Some Snapchat users are requesting to go under the knife to get a face that resembles their filtered selfies, according to a cosmetic surgeon who calls the new phenomena “Snapchat dysmorphia.”
These patients are seeking bigger eyes and fuller lips that often come with some of the filters in social media apps, like Snapchat and Facetune, creating a fresh warping of already unrealistic standards of beauty.
The principal author of the Viewpoint article, Dr.
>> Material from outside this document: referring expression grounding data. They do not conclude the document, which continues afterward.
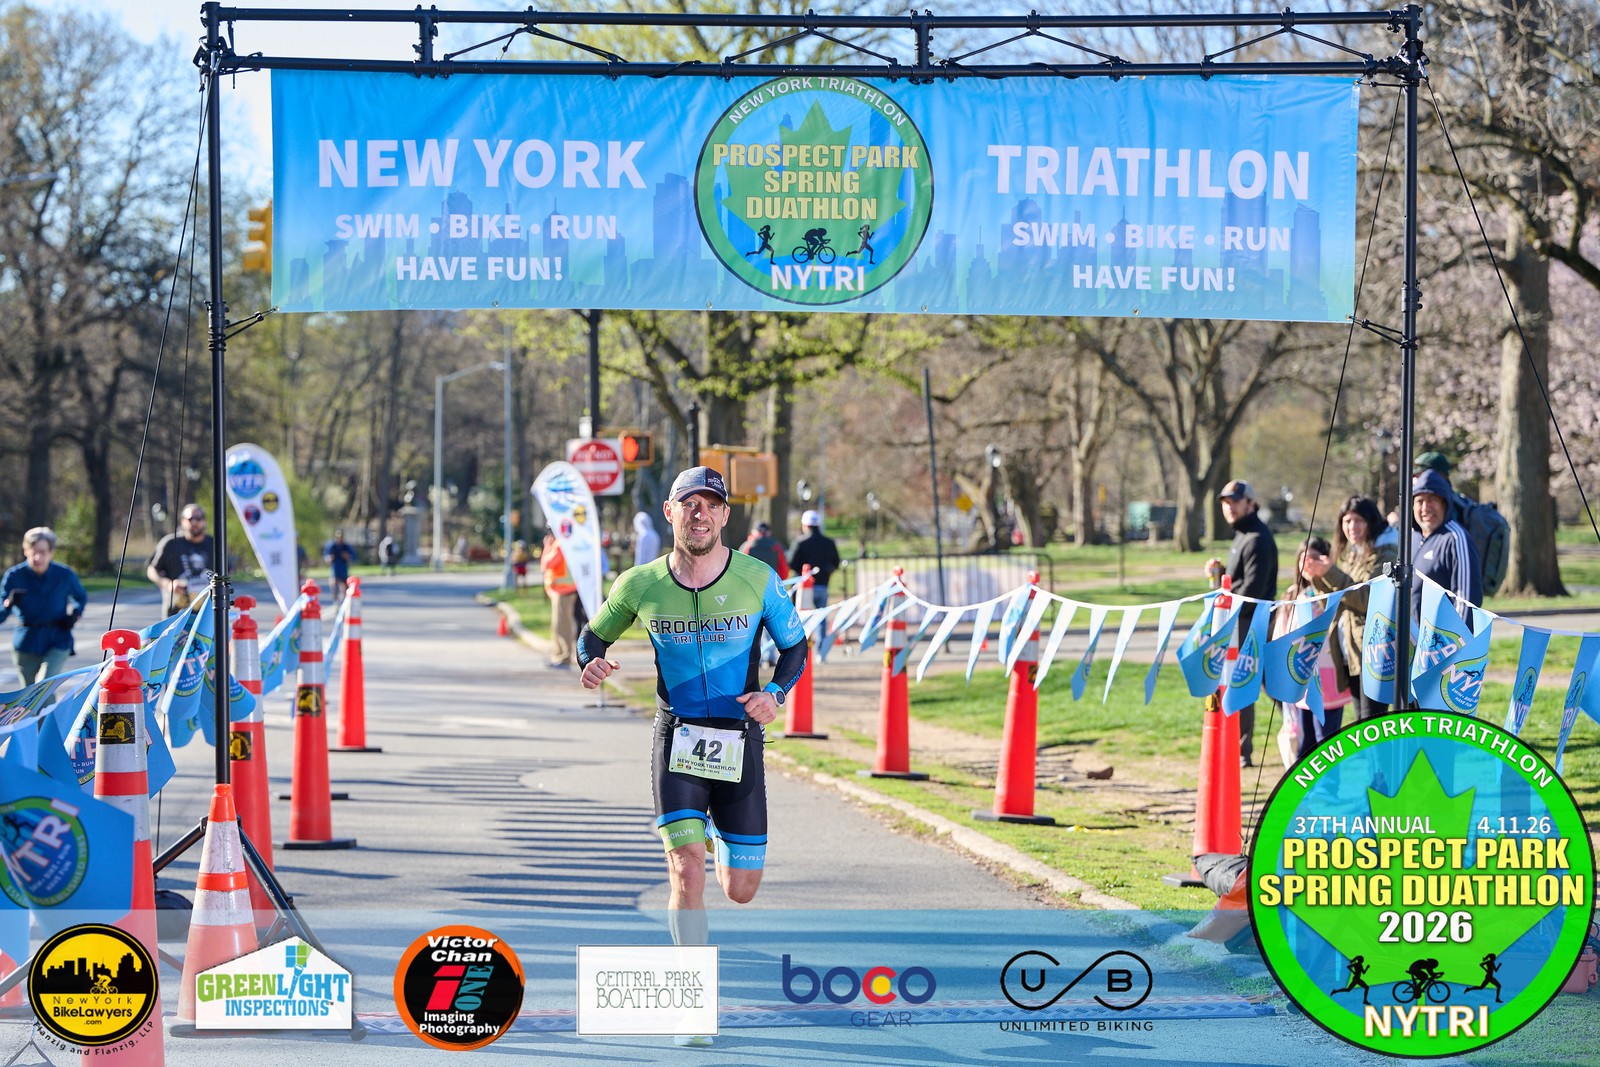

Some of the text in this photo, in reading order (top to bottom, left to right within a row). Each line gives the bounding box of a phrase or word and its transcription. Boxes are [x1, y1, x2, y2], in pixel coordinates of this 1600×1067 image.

[729, 77, 906, 127] NEW YORK TRIATHLON
[318, 139, 646, 188] NEW YORK
[712, 144, 919, 168] PROSPECT PARK
[764, 170, 860, 194] SPRING
[987, 144, 1309, 200] TRIATHLON
[746, 196, 877, 220] DUATHLON
[336, 213, 617, 240] SWIM BIKE RUN
[1012, 221, 1289, 251] SWIM BIKE RUN
[398, 256, 563, 281] HAVE FUN!
[771, 264, 865, 291] NYTRI
[1073, 264, 1236, 291] HAVE FUN!
[650, 614, 748, 634] BROOKLYN
[672, 633, 726, 644] TRI CLUB
[692, 738, 722, 763] 42
Neelam A. Vashi of Boston University School of Medicine’s Department of Dermatology, was published Thursday in the online Journal of America Medical Association’s section on Facial Plastic Surgery.
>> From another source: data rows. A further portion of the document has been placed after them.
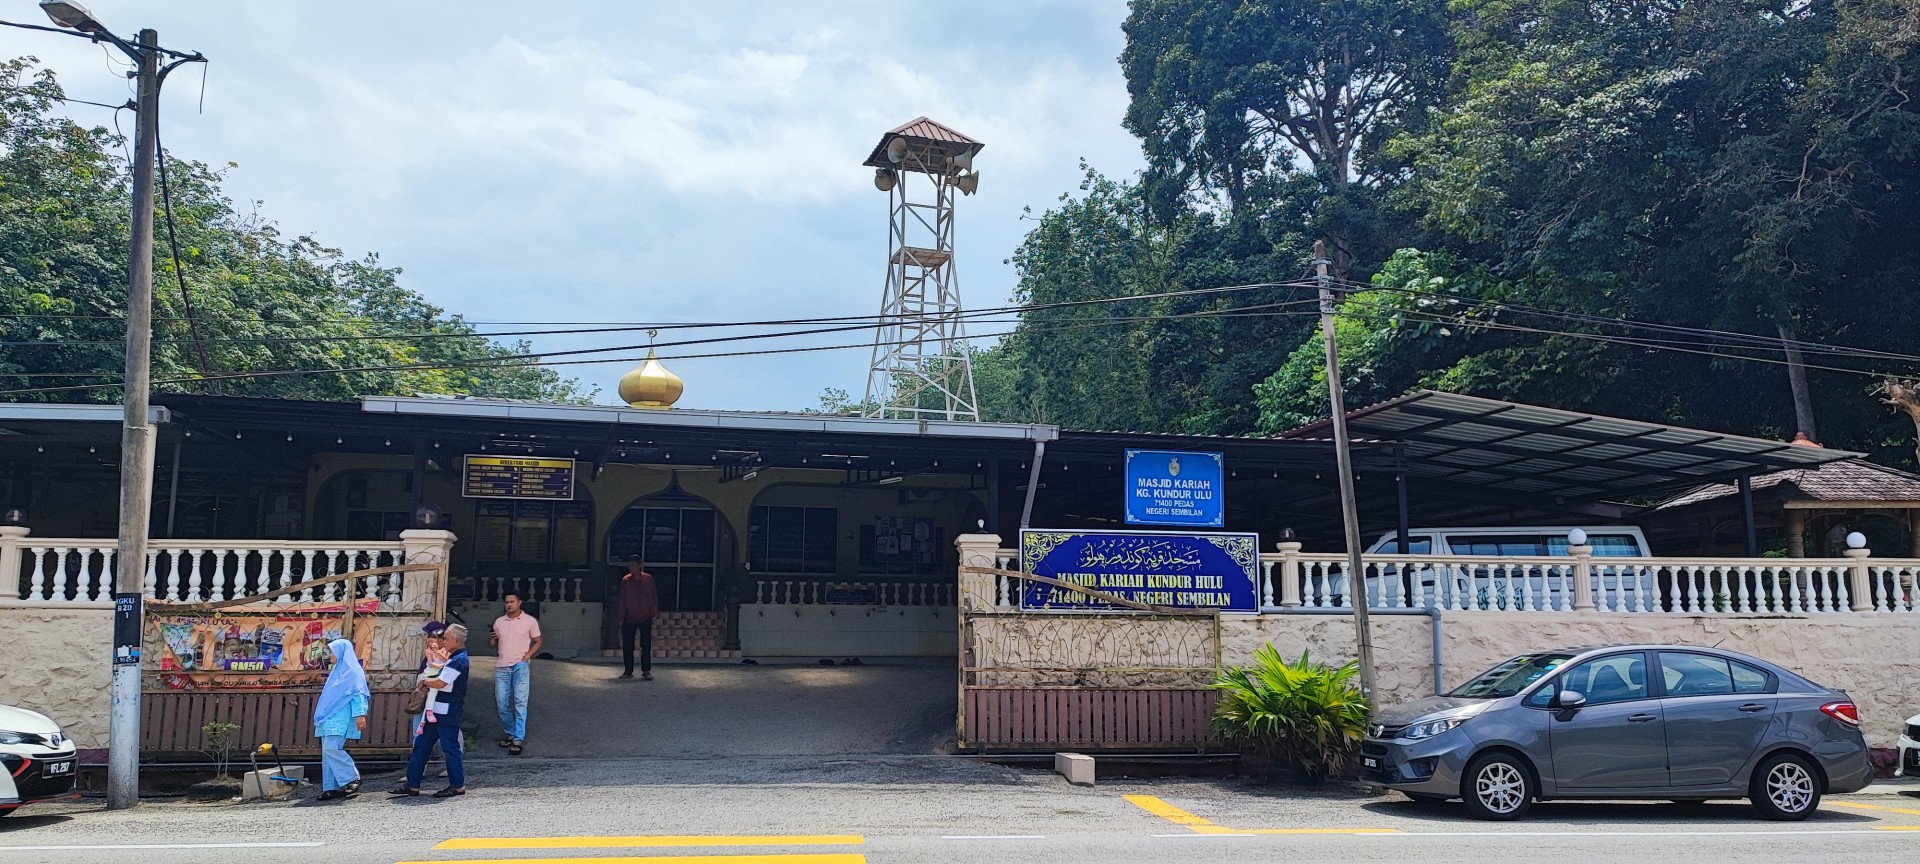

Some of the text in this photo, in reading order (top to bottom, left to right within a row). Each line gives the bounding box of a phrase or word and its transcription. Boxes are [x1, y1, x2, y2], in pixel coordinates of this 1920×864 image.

[1138, 478, 1210, 489] MASJID KARIAH
[1136, 488, 1212, 500] KG. KUNDUR ULU
[1154, 499, 1194, 508] 71400 PEDAS
[1146, 507, 1203, 516] NEGERI SEMBILAN
[1057, 572, 1223, 589] MASJID KARIAH KUNDUR HULU
[1049, 588, 1086, 604] 71400
[1133, 591, 1174, 605] NEGERI
[1177, 592, 1231, 606] SEMBILAN
[231, 661, 264, 671] RM50
The headline of the article is “Selfies – Living in the Era of Filtered Photographs.”
“While filters that add flowers or animals ears to a photograph are clearly an embellishment, other edits may be subtler and instead promote a pressure to look a certain way,” Vashi wrote. “This is an alarming trend because those filtered selfies often present an unattainable look and are blurring the line of reality and fantasy for these patients.”
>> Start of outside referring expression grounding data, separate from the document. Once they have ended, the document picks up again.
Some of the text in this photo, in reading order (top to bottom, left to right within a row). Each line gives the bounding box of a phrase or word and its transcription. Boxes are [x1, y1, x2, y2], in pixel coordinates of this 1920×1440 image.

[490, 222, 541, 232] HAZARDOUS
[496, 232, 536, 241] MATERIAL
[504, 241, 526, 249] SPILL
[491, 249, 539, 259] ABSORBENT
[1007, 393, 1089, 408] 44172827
Anecdotal evidence of an emerging “Snapchat dysmorphia” surfaced in the most recent survey of surgeons by the American Academy of Facial Plastic and Reconstructive Surgery. The findings revealed that 55 percent of its surgeons reported patients in 2017 requesting surgery to improve their look in selfies. This finding is up from 42 percent in 2015.
The survey also noted patients sharing details of the surgery on social media.
The “Snapchat dysmorphia” is an offshoot of Body dysmorphic disorder (BDD), a preoccupation with perceived flaws in appearance. Vashi said it has been common for years for patients to bring their surgeon a photo of a celebrity in hopes they could get a similar face.
“Overall, social media apps, such as Snapchat and Facetune, are providing a new reality of beauty for today’s society,” Vashi wrote. “These apps allow one to alter his or her appearance in an instant and conform to an unrealistic and often unattainable standard of beauty.”
The article warns that surgery could make a person’s BDD worse and recommends clinicians steer patients into cognitive behavioral therapy.